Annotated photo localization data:
▶
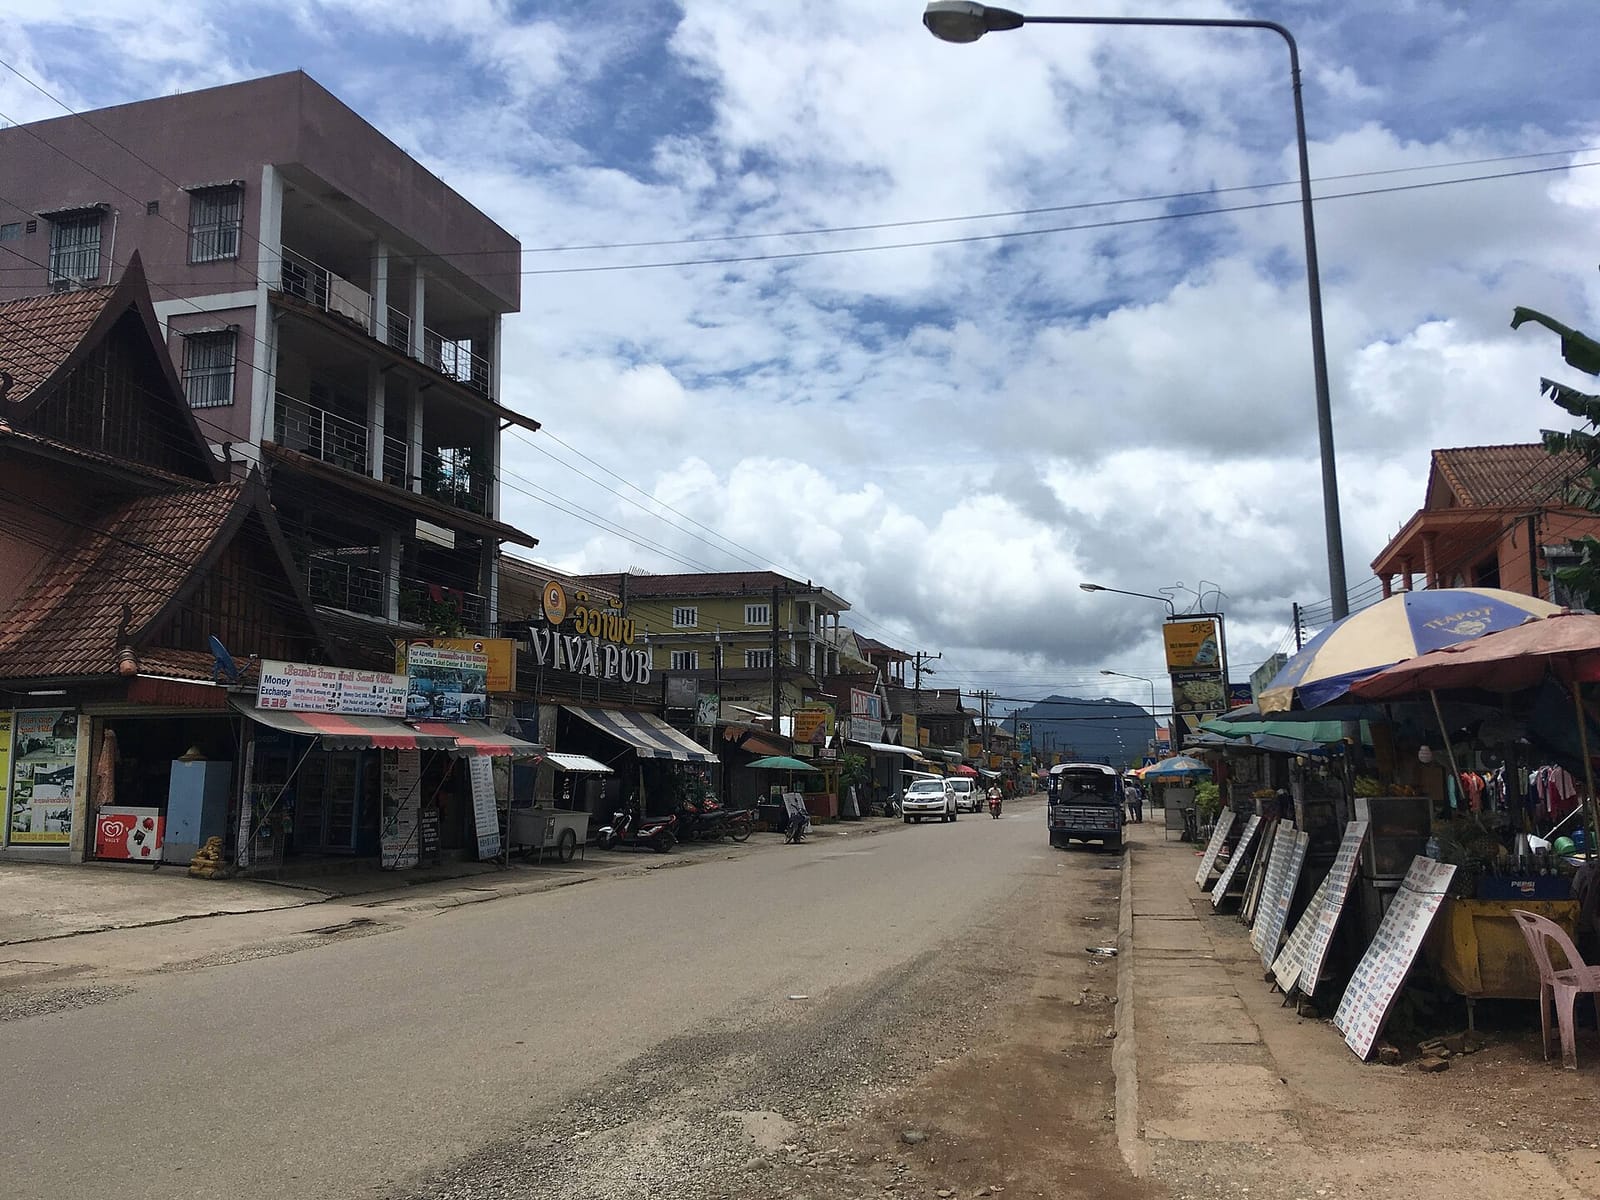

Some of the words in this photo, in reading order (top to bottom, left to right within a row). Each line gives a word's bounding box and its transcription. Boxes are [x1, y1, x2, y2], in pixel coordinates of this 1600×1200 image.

[1422, 607, 1493, 629] TEAPOT
[529, 626, 597, 677] VIVA
[602, 644, 651, 685] PUB
[264, 674, 292, 687] Money
[260, 685, 292, 698] Exchange
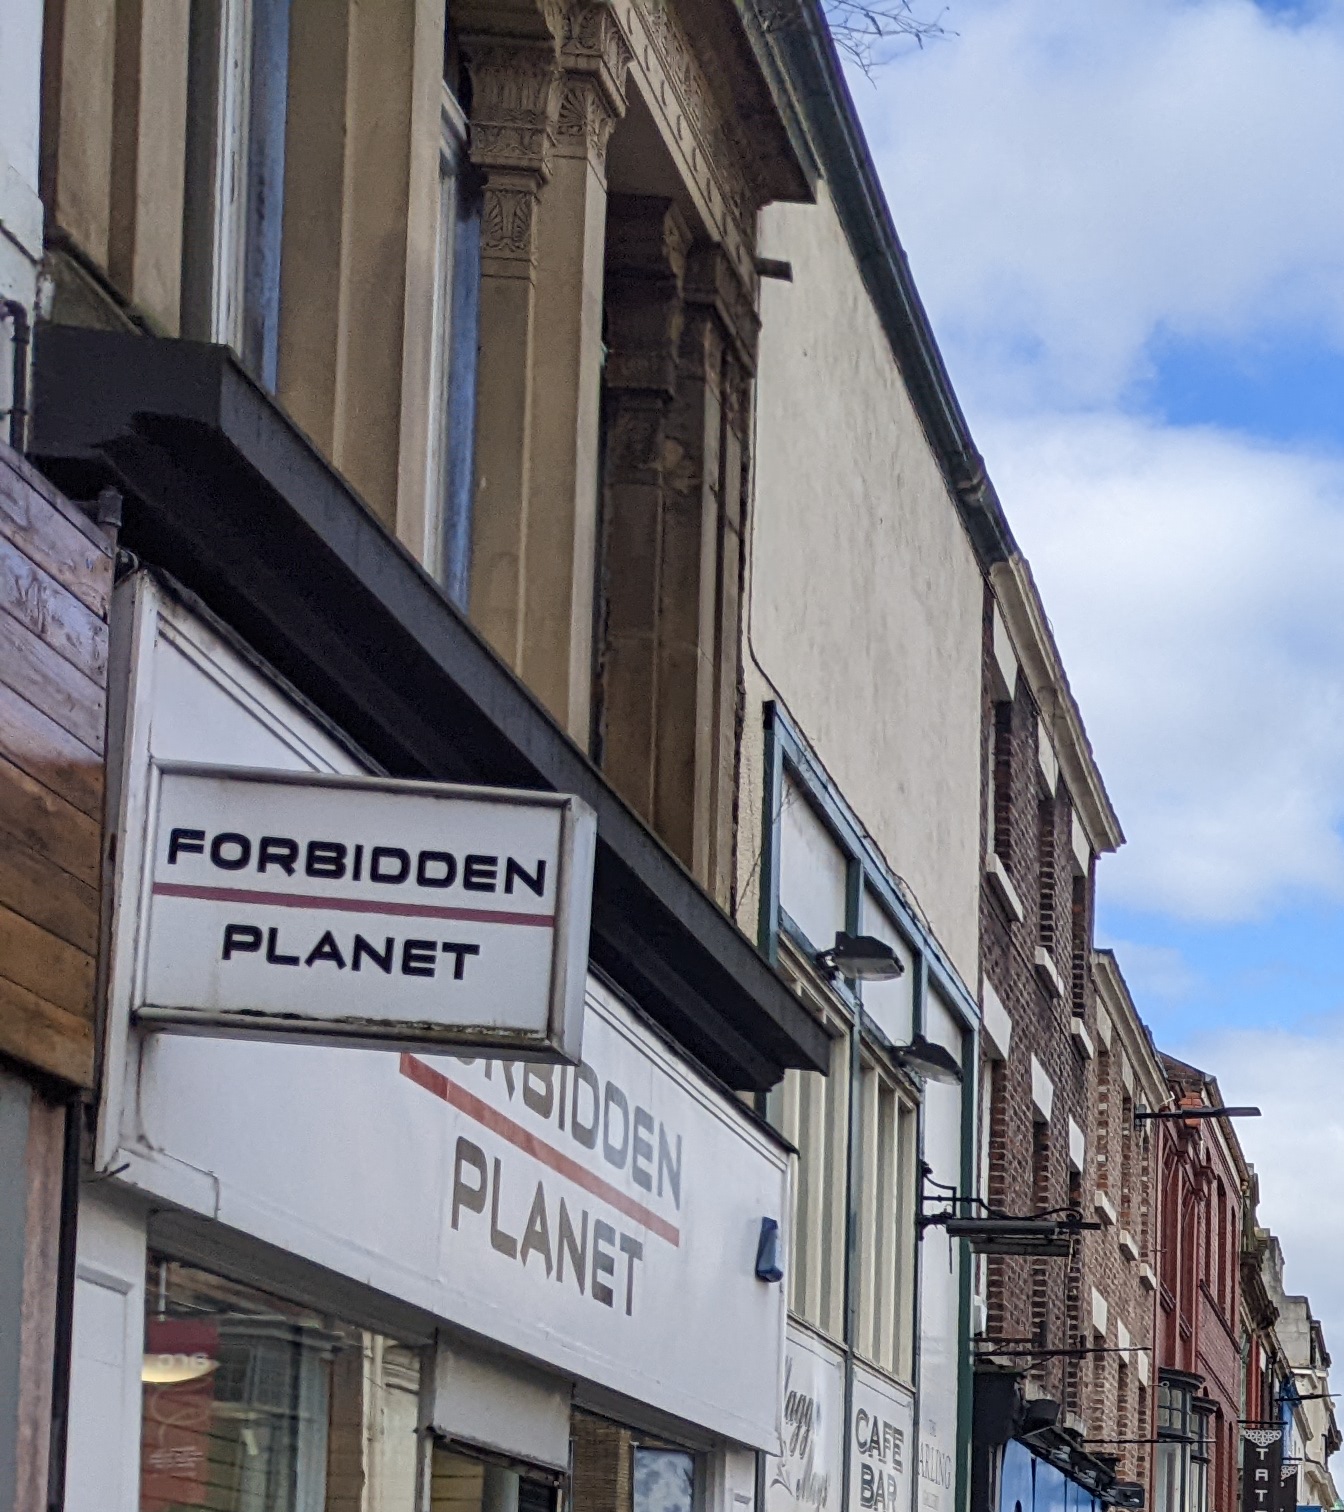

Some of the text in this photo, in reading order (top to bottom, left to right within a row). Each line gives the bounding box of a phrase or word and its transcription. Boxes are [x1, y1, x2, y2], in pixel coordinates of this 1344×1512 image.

[166, 827, 548, 898] FORBIDDEN
[221, 922, 482, 983] PLANET
[453, 1050, 684, 1212] RBIDDEN
[449, 1134, 645, 1318] PLANET
[855, 1407, 905, 1474] CAFE
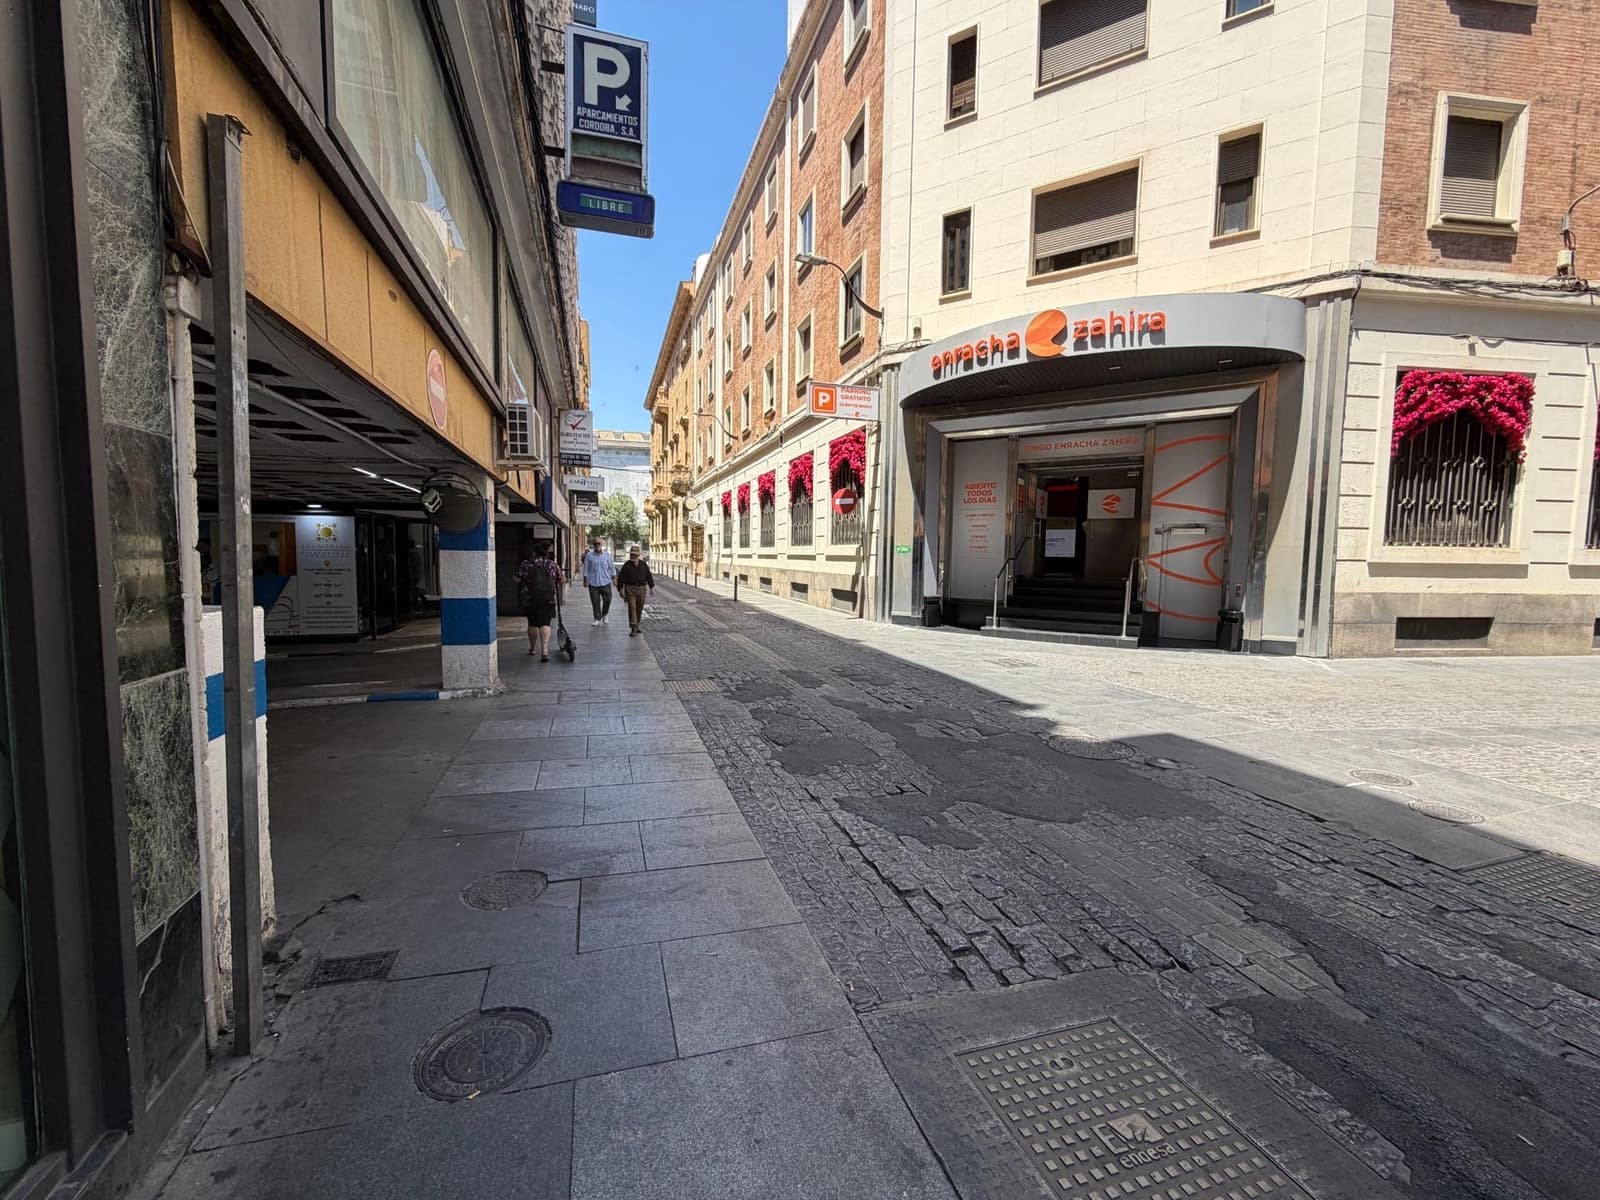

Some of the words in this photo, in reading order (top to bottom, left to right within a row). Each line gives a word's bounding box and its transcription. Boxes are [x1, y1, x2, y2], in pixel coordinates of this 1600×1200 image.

[583, 41, 631, 106] P
[576, 106, 638, 126] APARCAMIENTOS
[621, 125, 637, 138] S.A.
[589, 199, 625, 213] LIBRE
[930, 330, 1020, 370] enracha
[1072, 308, 1166, 340] zahira
[840, 386, 872, 396] PARKING
[818, 391, 831, 408] P
[1023, 443, 1052, 452] BINGO
[1055, 440, 1099, 450] ENRACHA
[1102, 436, 1138, 447] ZAHIRA
[964, 482, 997, 490] ABIERTO
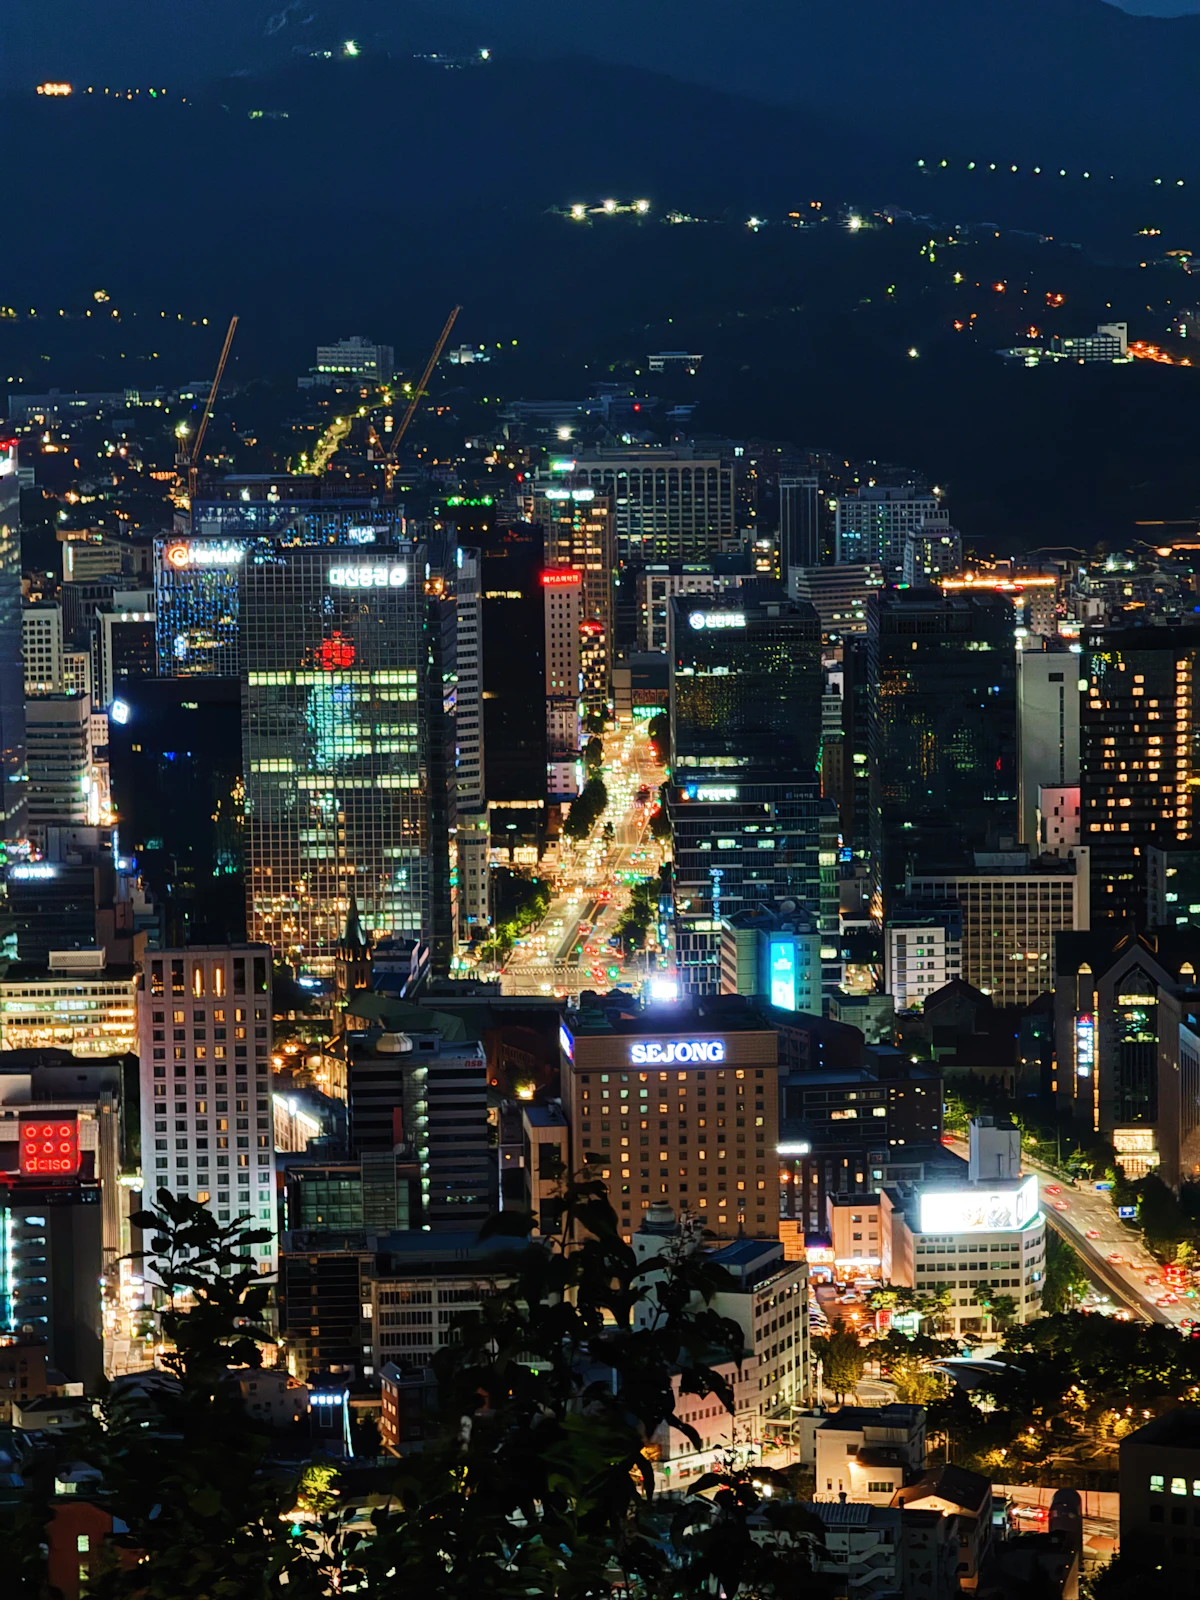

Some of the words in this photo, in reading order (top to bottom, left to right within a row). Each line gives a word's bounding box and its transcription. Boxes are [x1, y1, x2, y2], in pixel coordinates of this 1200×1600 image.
◀
** What this task involves **
Render all entries verbatim, excluding any pictures they hold.

** Answer to the exercise **
Some of the words in this photo, in reading order (top to bottom, left to right within a row). Each line gives a word's bounding box and its transcription. Boxes are [x1, y1, x2, y2], in pixel coordinates of this 1600×1200 image.

[1422, 607, 1493, 629] TEAPOT
[529, 626, 597, 677] VIVA
[602, 644, 651, 685] PUB
[264, 674, 292, 687] Money
[260, 685, 292, 698] Exchange

Some of the text in this photo, in reading order (top to bottom, left to right within a row). Each line gives the bounding box of a phrase or word and its transcription. Boxes are [x1, y1, x2, y2], in pixel coordinates of this 1344×1512 image.

[166, 827, 548, 898] FORBIDDEN
[221, 922, 482, 983] PLANET
[453, 1050, 684, 1212] RBIDDEN
[449, 1134, 645, 1318] PLANET
[855, 1407, 905, 1474] CAFE

Some of the words in this photo, in reading order (top to bottom, left to right within a row). Each line gives a word's bounding box and its transcription. Boxes are [x1, y1, x2, y2], in pixel coordinates of this 1600×1200 image.

[583, 41, 631, 106] P
[576, 106, 638, 126] APARCAMIENTOS
[621, 125, 637, 138] S.A.
[589, 199, 625, 213] LIBRE
[930, 330, 1020, 370] enracha
[1072, 308, 1166, 340] zahira
[840, 386, 872, 396] PARKING
[818, 391, 831, 408] P
[1023, 443, 1052, 452] BINGO
[1055, 440, 1099, 450] ENRACHA
[1102, 436, 1138, 447] ZAHIRA
[964, 482, 997, 490] ABIERTO

Some of the words in this photo, in reading order (top to bottom, left to right within a row). Each line gives a word's bounding box and its transcription. Boxes are [x1, y1, x2, y2], in pixel coordinates of this 1200×1600 image.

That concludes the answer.